══ Data section

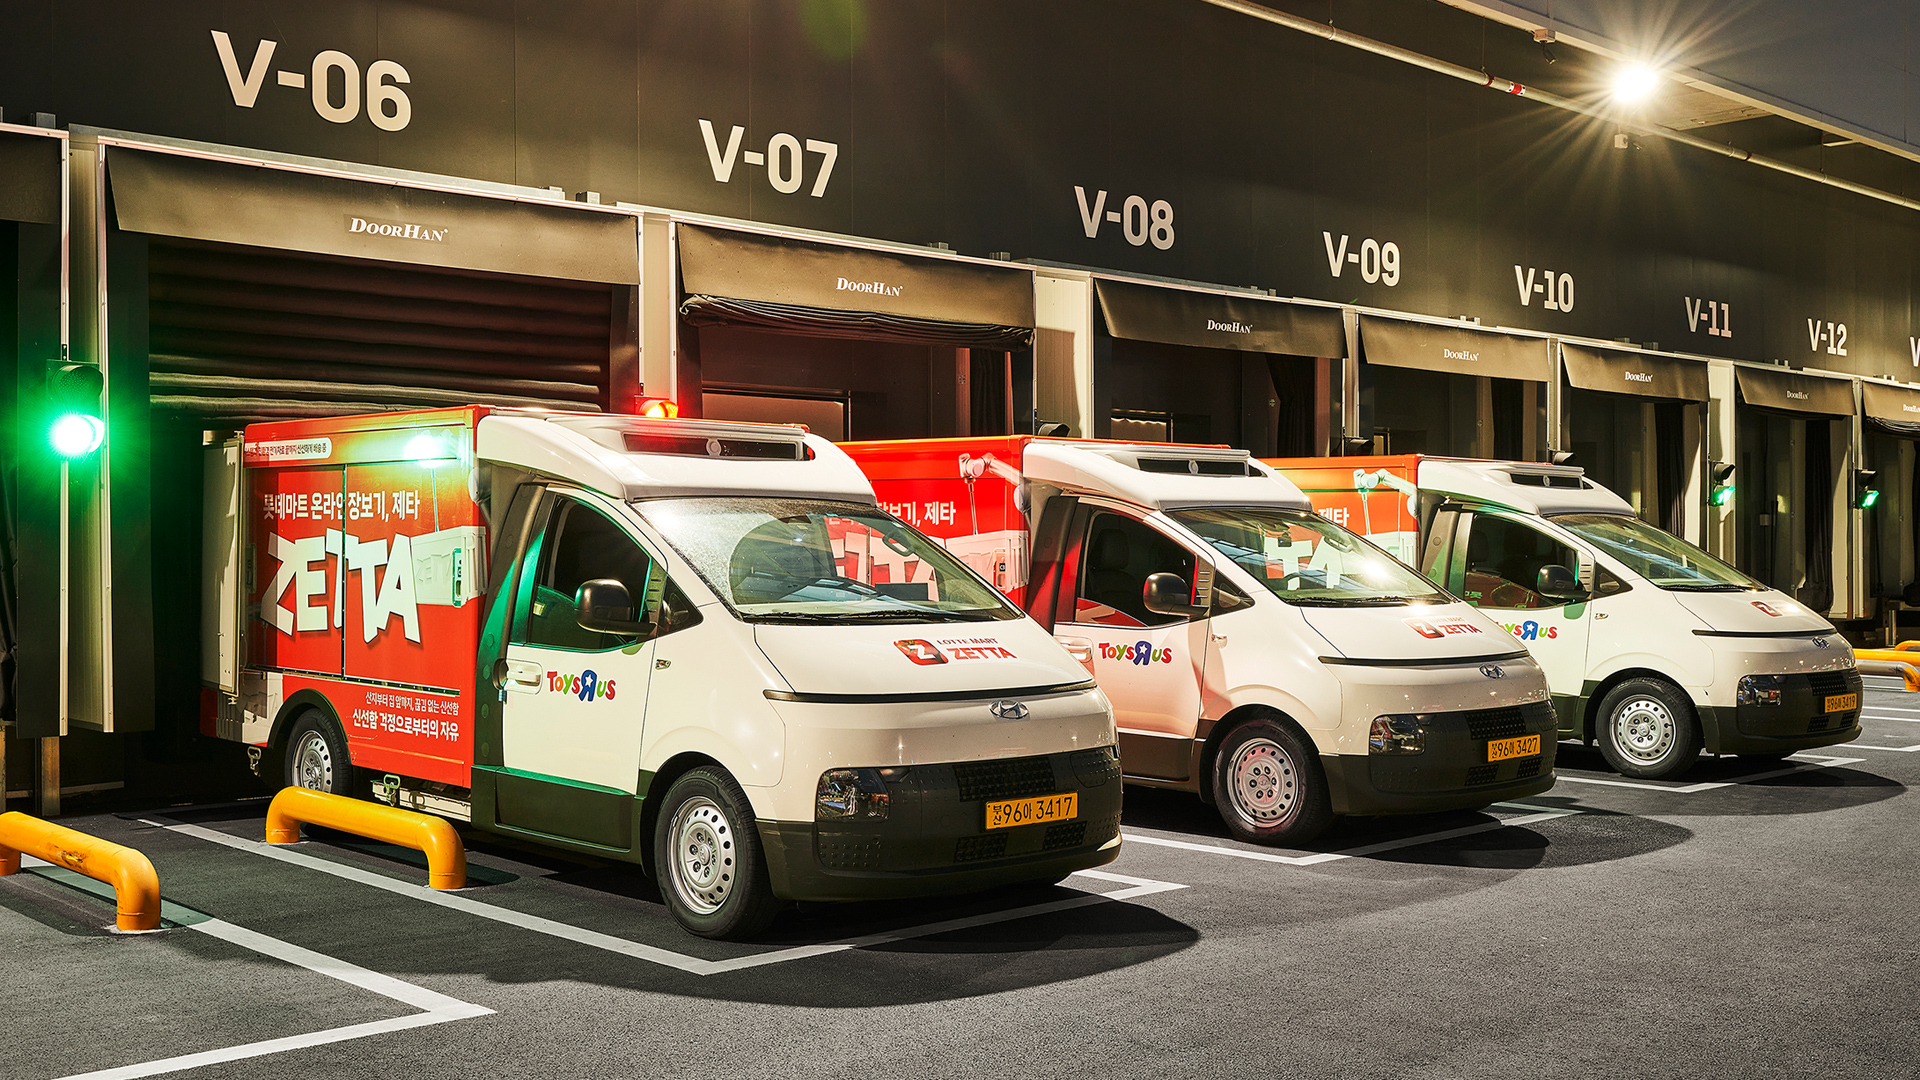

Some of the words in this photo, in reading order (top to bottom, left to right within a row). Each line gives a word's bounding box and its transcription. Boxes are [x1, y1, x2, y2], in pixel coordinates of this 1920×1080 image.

[210, 29, 412, 132] V-06
[698, 119, 838, 198] V-07
[1074, 185, 1176, 250] V-08
[1322, 231, 1400, 287] V-09
[1514, 264, 1575, 313] V-10
[1684, 296, 1732, 338] V-11
[1807, 318, 1848, 357] V-12
[263, 492, 309, 520] 롯데마트
[347, 490, 389, 523] 장보기,
[391, 489, 421, 521] 제타
[923, 500, 956, 526] 제타
[260, 527, 421, 644] ZETTA
[1438, 623, 1483, 634] ZETTA
[946, 646, 1018, 660] ZETTA
[365, 691, 388, 707] 산지부터
[388, 694, 395, 708] 집
[427, 699, 440, 714] 없는
[440, 701, 460, 716] 신선함
[352, 708, 378, 730] 신선함
[379, 712, 439, 740] 걱정으로부터의
[440, 721, 460, 742] 자유
[1516, 737, 1538, 755] 3427
[992, 804, 1002, 826] 부산
[1003, 802, 1033, 824] 96아
[1036, 796, 1073, 820] 3417

════

» How to complete this task:
Pictures do not belong in the copy. Output all of the records exactly.

» Written answer:
Some of the words in this photo, in reading order (top to bottom, left to right within a row). Each line gives a word's bounding box and its transcription. Boxes are [x1, y1, x2, y2], in pixel coordinates of this 1920×1080 image.

[210, 29, 412, 132] V-06
[698, 119, 838, 198] V-07
[1074, 185, 1176, 250] V-08
[1322, 231, 1400, 287] V-09
[1514, 264, 1575, 313] V-10
[1684, 296, 1732, 338] V-11
[1807, 318, 1848, 357] V-12
[263, 492, 309, 520] 롯데마트
[347, 490, 389, 523] 장보기,
[391, 489, 421, 521] 제타
[923, 500, 956, 526] 제타
[260, 527, 421, 644] ZETTA
[1438, 623, 1483, 634] ZETTA
[946, 646, 1018, 660] ZETTA
[365, 691, 388, 707] 산지부터
[388, 694, 395, 708] 집
[427, 699, 440, 714] 없는
[440, 701, 460, 716] 신선함
[352, 708, 378, 730] 신선함
[379, 712, 439, 740] 걱정으로부터의
[440, 721, 460, 742] 자유
[1516, 737, 1538, 755] 3427
[992, 804, 1002, 826] 부산
[1003, 802, 1033, 824] 96아
[1036, 796, 1073, 820] 3417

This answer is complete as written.